Text-to-region grounding data

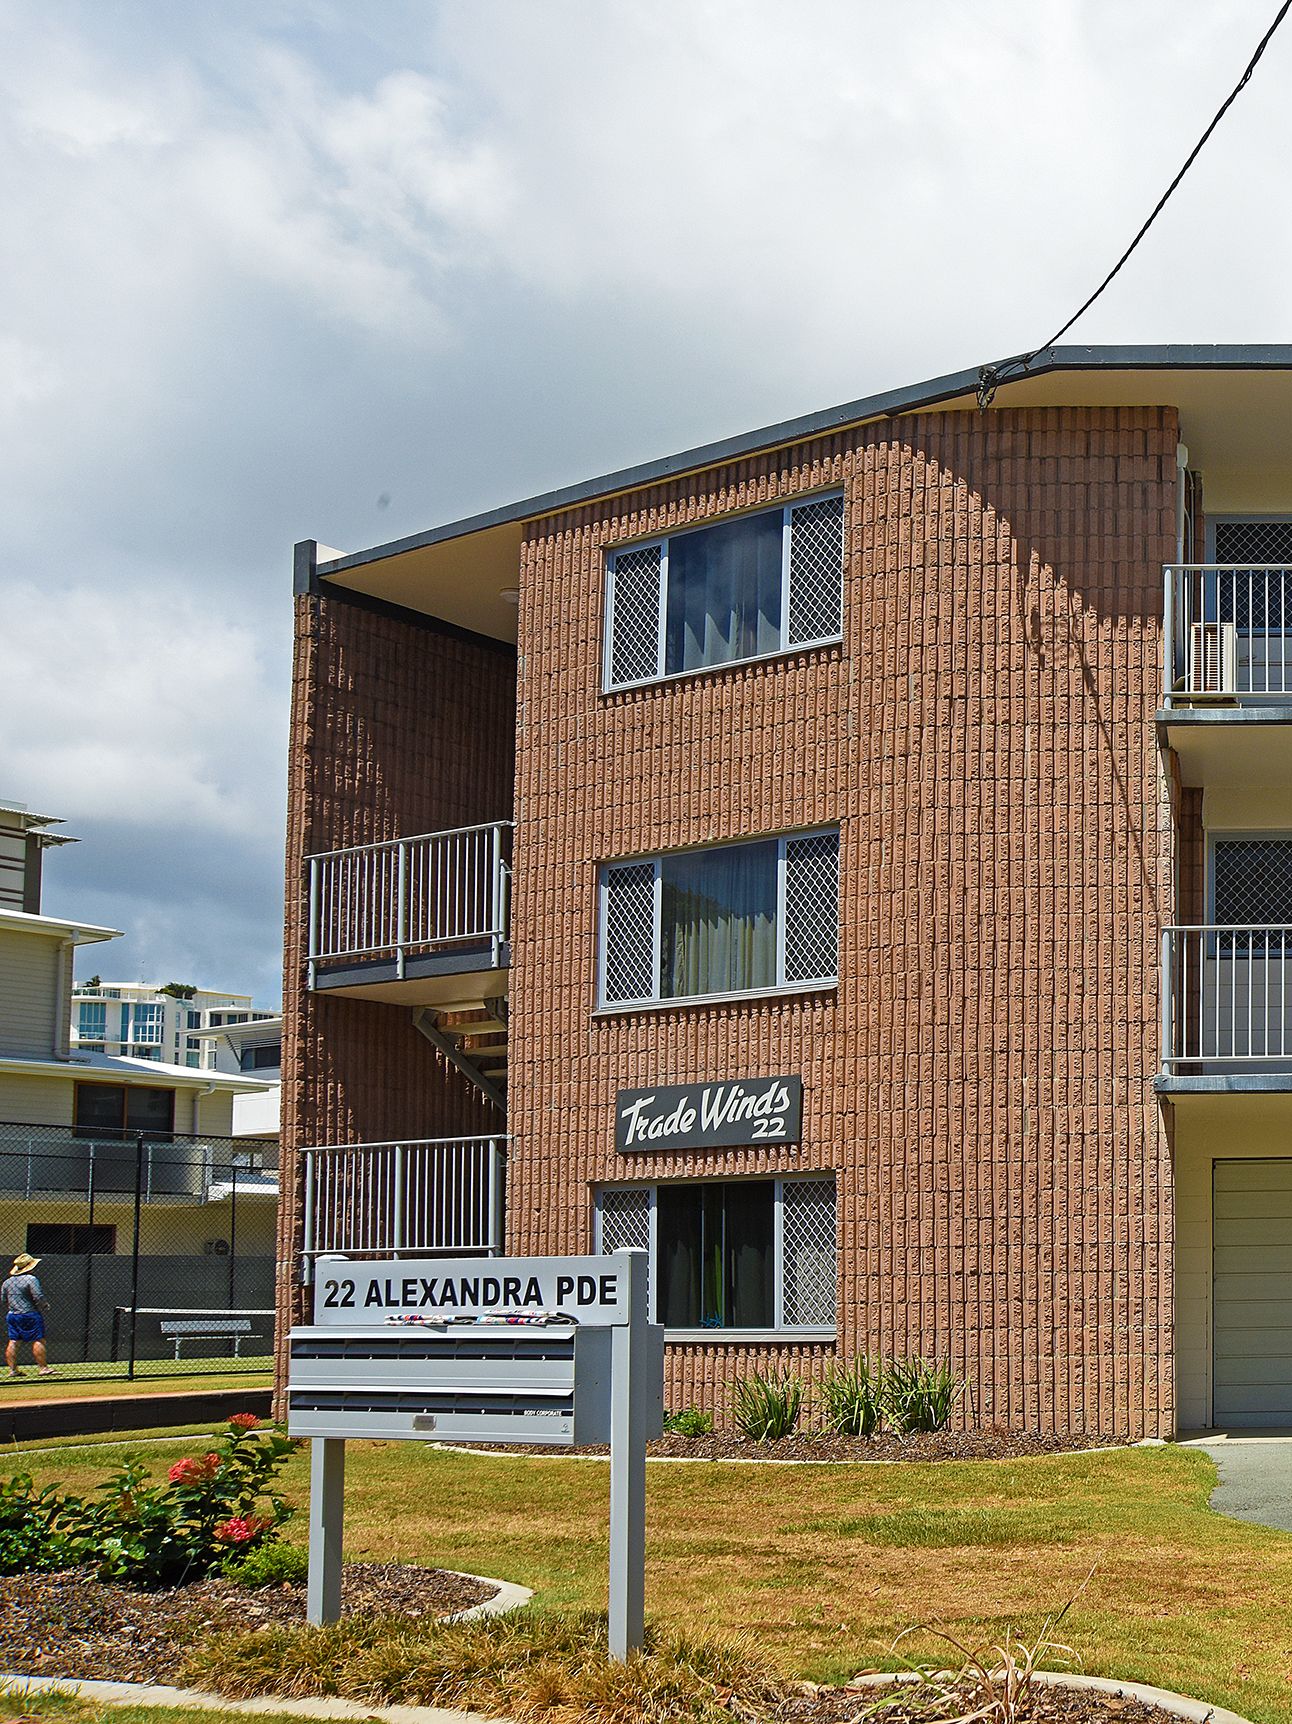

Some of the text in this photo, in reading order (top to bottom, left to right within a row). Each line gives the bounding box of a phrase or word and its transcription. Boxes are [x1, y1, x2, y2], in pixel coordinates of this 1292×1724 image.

[621, 1080, 791, 1146] Trade Winds
[751, 1117, 787, 1139] 22
[323, 1275, 618, 1308] 22 ALEXANDRA PDE
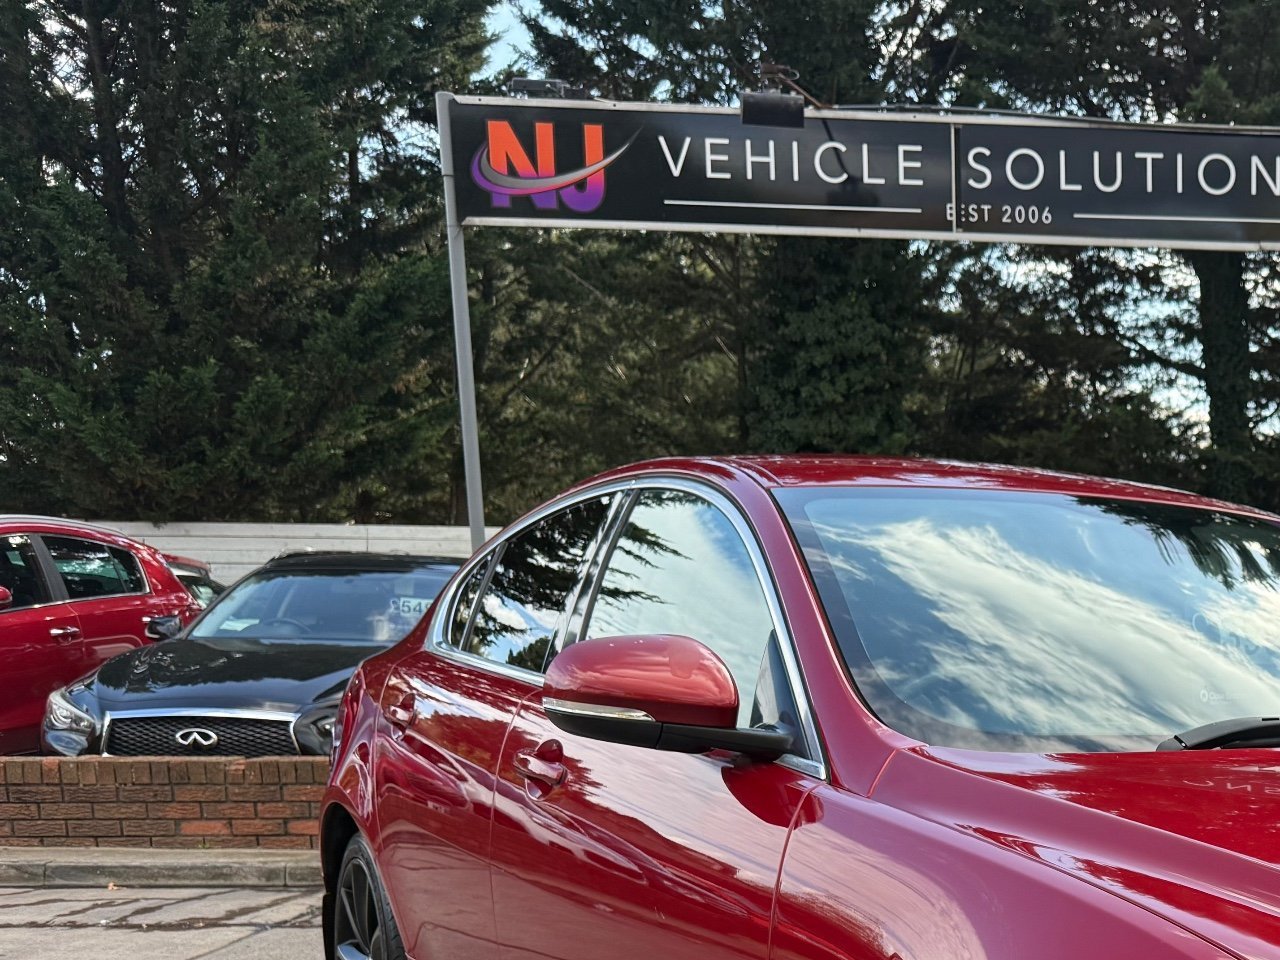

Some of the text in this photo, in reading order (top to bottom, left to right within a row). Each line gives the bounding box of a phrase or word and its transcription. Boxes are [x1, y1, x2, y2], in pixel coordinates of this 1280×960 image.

[485, 120, 607, 213] NJ
[657, 135, 924, 187] VEHICLE
[946, 203, 1053, 225] EST 2006

AIM OF THE EXERCISE = Give back every record above exactly as written, skipping each picture.

WRITTEN SOLUTION =
Some of the text in this photo, in reading order (top to bottom, left to right within a row). Each line gives the bounding box of a phrase or word and its transcription. Boxes are [x1, y1, x2, y2], in pixel coordinates of this 1292×1724 image.

[621, 1080, 791, 1146] Trade Winds
[751, 1117, 787, 1139] 22
[323, 1275, 618, 1308] 22 ALEXANDRA PDE

Some of the text in this photo, in reading order (top to bottom, left to right within a row). Each line gives the bounding box of a phrase or word and its transcription. Boxes are [x1, y1, x2, y2], in pixel coordinates of this 1280×960 image.

[485, 120, 607, 213] NJ
[657, 135, 924, 187] VEHICLE
[946, 203, 1053, 225] EST 2006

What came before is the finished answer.